Thai government committed to the industry as a key ‘decarbonisation’ measure to fight climate change
Minister Supattanapong, this week, however, emphasised the government’s commitment to the industry as part of Thailand’s decarbonisation efforts to help the fight against climate change.
‘Infrastructure will be the main attraction and we will encourage leading players in the supply chain to relocate their production sites to Thailand,’ he said.
He further explained that plans were being worked out to set up more battery production facilities and the government would be prioritising infrastructural support for this industry as part of a plan to usher in a post-pandemic recovery.
World Bank downgrades Thai growth prospects
The announcement from the Centre for Economic Situation Administration (CESA) which is also spearheading efforts to reopen Thailand’s foreign tourism industry from mid-October this year, comes as the World Bank downgraded Thailand’s growth prospects for 2010 from 3.4% earlier this year to 2.2%.
The figure is still in excess of the Bank of Thailand’s current estimate of 1.8% which is based on achieving a recovery in the fourth quarter with the relaunch of the foreign tourism industry.
Financial supports for the most vulnerable in the kingdom to create a healthier domestic economy
The World Bank, in its report, urged the Thai government to prioritise the development of a social support system or infrastructure for the less well off as it estimated that at least 780,000 Thai people fell back into poverty in 2020 alone when the economy contracted sharply.
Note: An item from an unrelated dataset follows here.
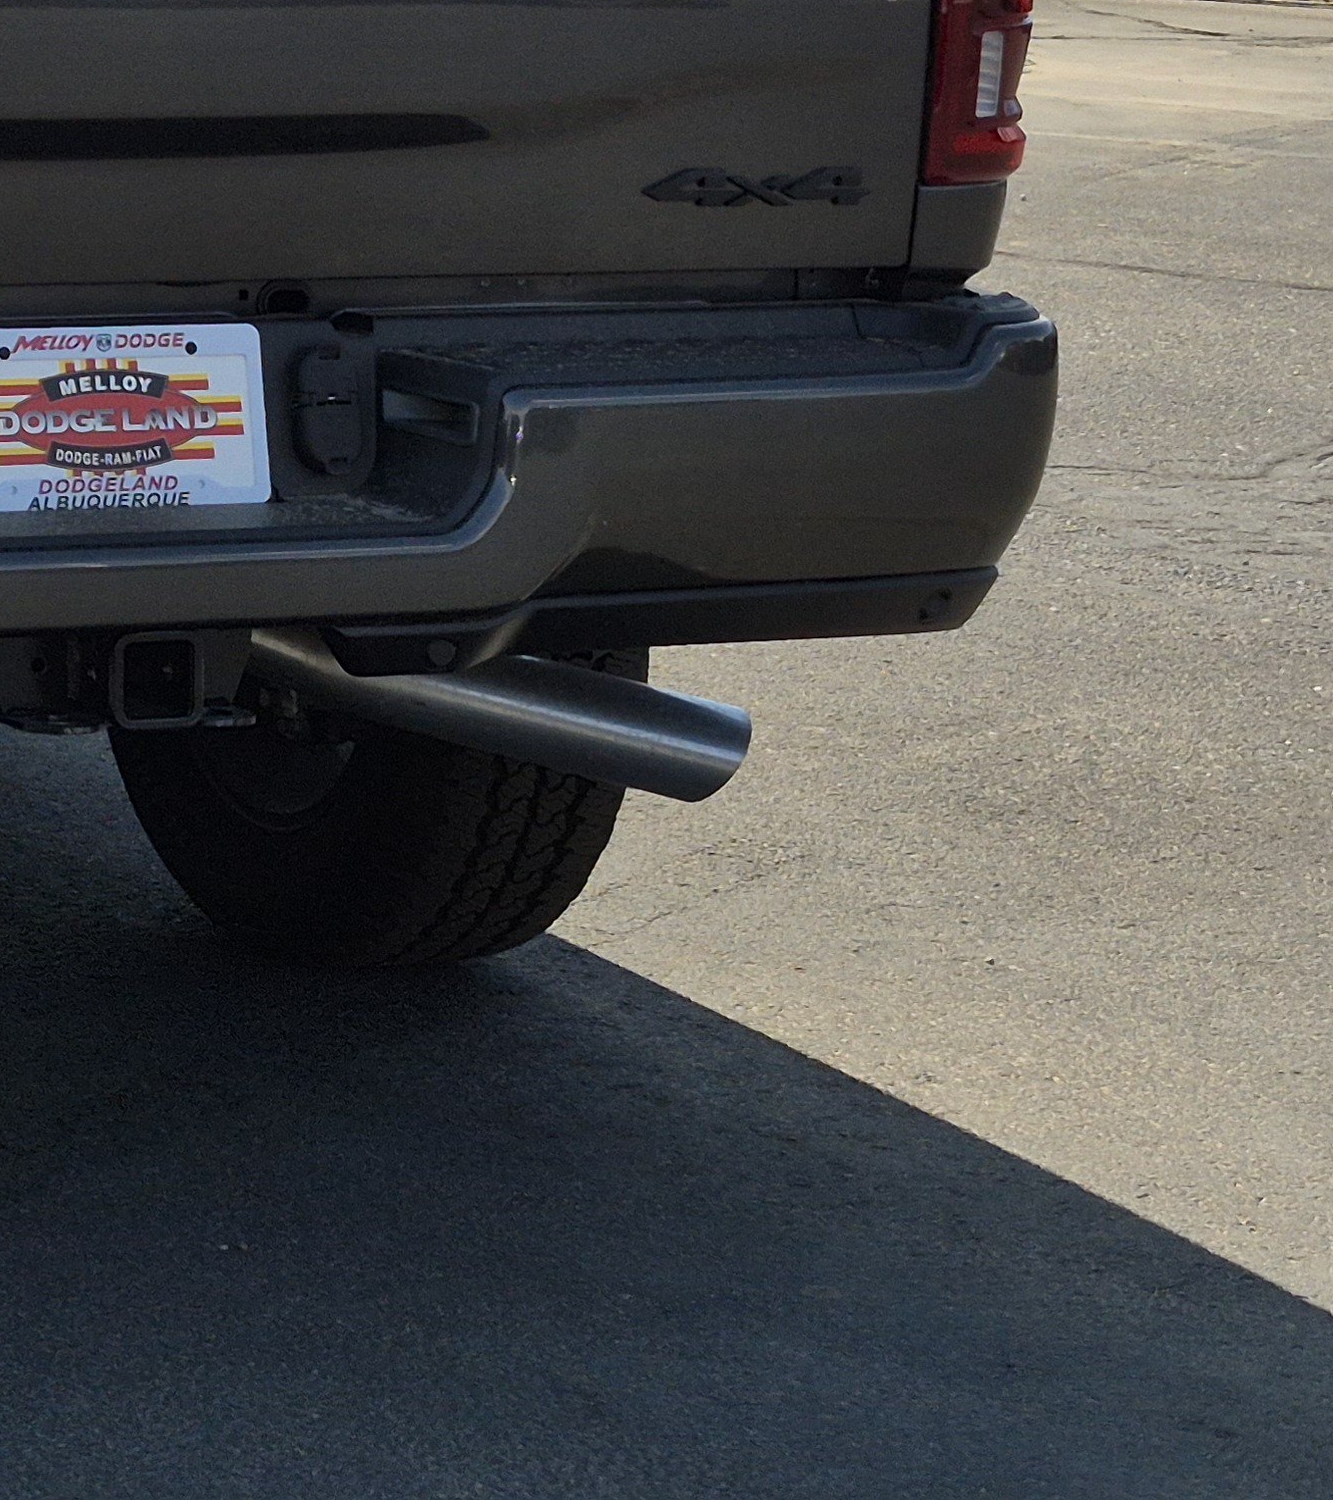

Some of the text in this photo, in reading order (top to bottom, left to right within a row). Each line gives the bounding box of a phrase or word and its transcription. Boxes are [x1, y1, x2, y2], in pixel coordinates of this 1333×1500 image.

[11, 331, 186, 353] MELLOY DODGE
[58, 374, 152, 396] MELLOY
[38, 474, 180, 495] DODGELAND
[27, 490, 192, 513] ALBUQUERQUE
The World Bank team for Thailand, led by senior economist Birgit Hansl, had some praise for the government in respect of its efforts to bring together a state platform and database profile of the Thai population to assist in the government’s support programmes since last year.
Government is in a position to offer more economic supports to the vulnerable says World Bank
The financial institution also suggested that it had formed the view that the government’s fiscal position still left room to assist the poor in the coming months.
The bank particularly identified the plight of millions of informal workers whose lives have been disrupted by the stalled foreign tourism industry as well as the poorest and less well off who have not had the resources to cope with the economic downturn in a country with scant social welfare supports.
Thailand praised for developing strong database platforms to trace and help support the population
While praising Thailand’s efforts towards developing database-driven platforms to manage pandemic specific social supports last year and this year, the bank, through senior economist Francesca Lamanna, highlighted this as an opportunity for the kingdom to set up a permanent social support infrastructure that would be a key step towards fighting inequality and improving the domestic economy.
This was a theme added to by Kiatipong Ariyapruchya who has long studied the Thai economy for the World Bank.
He said that such a platform could also be used to improve traceability and execute the vaccine rollout.
Support for the less well off should be a priority as it encourages social mobility and consumption.
The World Bank economic team also urged the government to look at the country’s chronic debt burden among households and to see if more could be done to reduce it.
Thai economy right now is dormant
The report admitted that, right now, the Thai economy is dormant.
Mr Kiatipong saw the reopening of foreign tourism also as a key priority for planners but urged them to also look at efforts to remove barriers to free trade so that Thailand’s export industry continues to benefit from the upturn in the world economy.
The bank predicts that 600,000 foreign tourists will enter the country in 2021 as part of the government’s ongoing efforts to refloat the foreign tourism industry even amid the huge surge in virus infections and deaths driven by the Delta wave and its struggling effort to roll out a vaccination campaign.